¿Satisfecho tras 19S?, pregunta para EPN

Estoy seguro que, bien reflexionadas las nuevas preguntas, la respuesta central del presidente Peña no sería la misma

¿Satisfecho tras 19S?, pregunta para EPN

Durante los días en que los coautores del libro 19 Edificios como 19 Heridas escribíamos cada uno nuestra su historia para el volumen de editorial Grijalbo, el periodista Daniel Venegas buscó una entrevista con el presidente Enrique Peña Nieto para que ofreciera un balance después de los sismos de septiembre de 2017.

La pregunta central del colega de Milenio, quien cubre las actividades de Los Pinos, era: Por la forma en que el gobierno federal atendió esta emergencia, ¿cómo cree que será recordado?.

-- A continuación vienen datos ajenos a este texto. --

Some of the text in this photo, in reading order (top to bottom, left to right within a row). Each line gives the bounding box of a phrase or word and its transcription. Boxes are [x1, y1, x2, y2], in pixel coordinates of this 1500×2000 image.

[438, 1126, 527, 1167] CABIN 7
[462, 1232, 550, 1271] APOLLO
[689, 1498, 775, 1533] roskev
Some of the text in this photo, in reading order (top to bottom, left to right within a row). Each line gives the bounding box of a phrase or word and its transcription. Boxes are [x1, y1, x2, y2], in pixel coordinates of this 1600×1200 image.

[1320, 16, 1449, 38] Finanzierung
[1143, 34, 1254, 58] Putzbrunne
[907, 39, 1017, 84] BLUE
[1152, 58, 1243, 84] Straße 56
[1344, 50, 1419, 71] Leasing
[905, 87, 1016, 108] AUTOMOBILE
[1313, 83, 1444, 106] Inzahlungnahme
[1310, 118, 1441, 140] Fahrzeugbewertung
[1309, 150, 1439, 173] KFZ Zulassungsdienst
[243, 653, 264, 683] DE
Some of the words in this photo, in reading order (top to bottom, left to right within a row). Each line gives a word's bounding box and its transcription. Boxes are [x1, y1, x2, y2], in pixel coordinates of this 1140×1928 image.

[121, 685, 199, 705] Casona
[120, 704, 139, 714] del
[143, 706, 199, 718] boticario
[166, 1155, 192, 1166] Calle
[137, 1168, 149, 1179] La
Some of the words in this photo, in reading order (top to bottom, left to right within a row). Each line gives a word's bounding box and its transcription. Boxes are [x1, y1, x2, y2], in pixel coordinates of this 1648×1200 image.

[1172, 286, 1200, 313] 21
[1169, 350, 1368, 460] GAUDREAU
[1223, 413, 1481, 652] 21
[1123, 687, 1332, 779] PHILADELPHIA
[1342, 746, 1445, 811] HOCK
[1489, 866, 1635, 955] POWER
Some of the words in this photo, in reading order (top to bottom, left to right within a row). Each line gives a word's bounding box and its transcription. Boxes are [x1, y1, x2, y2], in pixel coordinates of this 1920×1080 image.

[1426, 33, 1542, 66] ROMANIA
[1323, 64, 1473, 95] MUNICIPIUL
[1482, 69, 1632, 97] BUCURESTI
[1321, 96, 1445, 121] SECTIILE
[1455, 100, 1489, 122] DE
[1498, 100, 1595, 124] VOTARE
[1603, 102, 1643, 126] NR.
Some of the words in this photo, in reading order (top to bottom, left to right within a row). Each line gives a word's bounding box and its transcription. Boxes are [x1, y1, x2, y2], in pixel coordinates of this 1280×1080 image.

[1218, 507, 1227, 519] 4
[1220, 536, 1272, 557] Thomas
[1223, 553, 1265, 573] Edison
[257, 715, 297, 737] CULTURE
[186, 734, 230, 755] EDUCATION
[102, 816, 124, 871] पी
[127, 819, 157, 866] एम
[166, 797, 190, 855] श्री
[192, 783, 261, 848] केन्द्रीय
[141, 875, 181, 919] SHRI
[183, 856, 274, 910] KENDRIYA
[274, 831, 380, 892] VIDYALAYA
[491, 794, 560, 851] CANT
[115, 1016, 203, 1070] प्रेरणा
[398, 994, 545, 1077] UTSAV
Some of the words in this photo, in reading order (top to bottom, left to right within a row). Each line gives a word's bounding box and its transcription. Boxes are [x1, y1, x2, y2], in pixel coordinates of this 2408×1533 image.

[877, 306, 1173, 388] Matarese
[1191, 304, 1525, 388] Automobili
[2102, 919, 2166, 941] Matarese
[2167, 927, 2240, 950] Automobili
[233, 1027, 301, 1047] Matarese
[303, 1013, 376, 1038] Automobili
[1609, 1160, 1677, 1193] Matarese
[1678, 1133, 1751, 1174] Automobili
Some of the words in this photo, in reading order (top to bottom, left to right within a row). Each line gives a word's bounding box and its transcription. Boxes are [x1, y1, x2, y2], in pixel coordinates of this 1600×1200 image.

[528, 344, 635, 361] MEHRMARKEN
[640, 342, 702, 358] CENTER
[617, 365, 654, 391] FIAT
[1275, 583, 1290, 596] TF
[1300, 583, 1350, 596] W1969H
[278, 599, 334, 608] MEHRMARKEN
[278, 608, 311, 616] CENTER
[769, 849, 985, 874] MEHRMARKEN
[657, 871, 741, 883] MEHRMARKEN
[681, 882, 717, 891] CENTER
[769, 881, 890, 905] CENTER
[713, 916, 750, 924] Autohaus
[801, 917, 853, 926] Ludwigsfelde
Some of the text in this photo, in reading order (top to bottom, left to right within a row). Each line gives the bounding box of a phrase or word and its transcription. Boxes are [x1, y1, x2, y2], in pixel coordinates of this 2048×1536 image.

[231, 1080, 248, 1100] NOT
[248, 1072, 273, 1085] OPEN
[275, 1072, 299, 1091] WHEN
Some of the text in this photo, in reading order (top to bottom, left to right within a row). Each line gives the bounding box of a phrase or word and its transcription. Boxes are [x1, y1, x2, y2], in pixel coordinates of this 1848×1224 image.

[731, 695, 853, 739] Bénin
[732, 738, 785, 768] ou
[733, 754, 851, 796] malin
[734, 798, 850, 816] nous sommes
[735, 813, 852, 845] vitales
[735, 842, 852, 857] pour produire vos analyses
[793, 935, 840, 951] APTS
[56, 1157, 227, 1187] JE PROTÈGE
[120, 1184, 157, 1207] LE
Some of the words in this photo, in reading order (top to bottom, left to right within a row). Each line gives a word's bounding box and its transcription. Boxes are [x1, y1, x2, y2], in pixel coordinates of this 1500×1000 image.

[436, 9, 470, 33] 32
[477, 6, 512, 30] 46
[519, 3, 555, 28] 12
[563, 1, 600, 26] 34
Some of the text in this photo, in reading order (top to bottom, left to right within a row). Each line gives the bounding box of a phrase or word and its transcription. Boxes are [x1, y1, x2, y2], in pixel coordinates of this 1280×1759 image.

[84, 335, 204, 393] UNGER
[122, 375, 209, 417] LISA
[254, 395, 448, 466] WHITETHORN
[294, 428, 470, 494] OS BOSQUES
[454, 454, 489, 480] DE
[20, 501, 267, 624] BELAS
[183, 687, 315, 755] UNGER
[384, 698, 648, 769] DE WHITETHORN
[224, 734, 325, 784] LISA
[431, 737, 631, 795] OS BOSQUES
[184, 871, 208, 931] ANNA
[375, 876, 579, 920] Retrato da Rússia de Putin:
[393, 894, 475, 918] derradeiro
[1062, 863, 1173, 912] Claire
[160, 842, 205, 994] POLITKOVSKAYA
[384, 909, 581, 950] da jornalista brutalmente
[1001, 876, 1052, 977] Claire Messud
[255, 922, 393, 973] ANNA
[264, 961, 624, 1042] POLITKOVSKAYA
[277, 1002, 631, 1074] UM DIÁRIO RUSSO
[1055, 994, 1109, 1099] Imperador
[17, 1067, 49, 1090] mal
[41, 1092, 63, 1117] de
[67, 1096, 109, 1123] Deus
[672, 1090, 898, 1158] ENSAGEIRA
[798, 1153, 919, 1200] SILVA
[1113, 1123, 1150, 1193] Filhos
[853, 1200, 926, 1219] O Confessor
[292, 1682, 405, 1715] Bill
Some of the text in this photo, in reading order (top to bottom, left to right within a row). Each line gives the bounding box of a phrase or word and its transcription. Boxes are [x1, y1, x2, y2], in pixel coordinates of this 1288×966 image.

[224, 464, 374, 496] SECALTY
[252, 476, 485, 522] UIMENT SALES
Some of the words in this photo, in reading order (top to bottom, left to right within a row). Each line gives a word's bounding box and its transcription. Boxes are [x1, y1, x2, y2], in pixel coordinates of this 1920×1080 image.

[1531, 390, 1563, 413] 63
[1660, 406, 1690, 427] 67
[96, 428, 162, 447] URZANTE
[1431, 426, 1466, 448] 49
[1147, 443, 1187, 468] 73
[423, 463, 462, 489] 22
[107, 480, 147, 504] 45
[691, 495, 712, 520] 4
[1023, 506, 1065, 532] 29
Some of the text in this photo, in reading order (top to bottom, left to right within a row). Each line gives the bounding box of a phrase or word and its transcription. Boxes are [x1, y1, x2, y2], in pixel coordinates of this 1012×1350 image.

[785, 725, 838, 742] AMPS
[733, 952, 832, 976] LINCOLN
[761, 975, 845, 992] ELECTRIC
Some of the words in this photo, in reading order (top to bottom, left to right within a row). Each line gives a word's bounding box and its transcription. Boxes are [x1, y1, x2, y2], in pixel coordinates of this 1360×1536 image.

Dani, quien vivió el terremoto del 85, recuerda haber mirado entonces al cielo y deseado que si un día volvía a temblar con tal magnitud, ojalá la sacudida le tomara a bordo de un avión, para evitar el horror. ¡Dios mío! No supe lo que anhelé, escribe el colega. Es que el vuelo en un Boeing 787 Dreamliner, a partir de las 13:14 horas, en el que viajaba con Peña y una comitiva y que aterrizaría en Oaxaca para una supervisión tras el sismo de 12 días antes, se convirtió en el viaje más amargo de su vida ante la divulgación de la noticia llena de imprecisiones por parte de la Presidencia y en pleno vuelo en el que se habían recibido llamadas satelitales desde Los Pinos. Así que por la situación vivida entre ambos, la charla resultaría de mayor interés. La entrevista se pospuso varias veces. Meses después y ante la insistencia del reportero, Peña aceptó contestar un cuestionario de 10 preguntas, pero cuando fue entregado, había concluido la edición del libro.

Por cuestiones de espacio recupero dos preguntas:

–¿En los primeros momentos le preocupó que la cifra de fallecidos fuera alta, similar a la del 85?

–Con las primeras imágenes que recibí, mi preocupación fue muy grande. Ya de regreso en la capital, constaté que, si bien la afectaciones eran graves, no eran comparables con lo que ocurrió en el 85.

La respuesta aclara por qué con sus primeras declaraciones provocó cierto terror entre reporteros de la fuente y la comitiva a bordo.

Sobre la pregunta central, dijo: Como Presidente de la República sé lo que ese esfuerzo representó (de las instituciones de gobierno a damnificados) y me siento muy satisfecho, porque nadie se quedó sin atención médica o alimentos, porque la coordinación con autoridades locales fue buena y el servicio de energía eléctrica se reestableció.

Peña, sin embargo, nos debe muchas más respuestas: destino de donaciones y transparencia en Bansefi, desde donde hubo robo de recursos para damnificados, falta de atlas de riesgos ante las nuevas amenazas, recuperación de inmuebles históricos y demoliciones, reconstrucción de zonas devastadas, falta de justicia en inmuebles levantados al margen de la ley, falta de reglamentos de construcción en los municipios y robo de víveres para uso electorero, entre otras.

¿Satisfecho? Estoy seguro que, bien reflexionadas las nuevas preguntas, la respuesta central del presidente Peña Nieto no sería la misma. Ni él, ni nadie, en uno de los países altamente sísmicos debemos sentirnos satisfechos.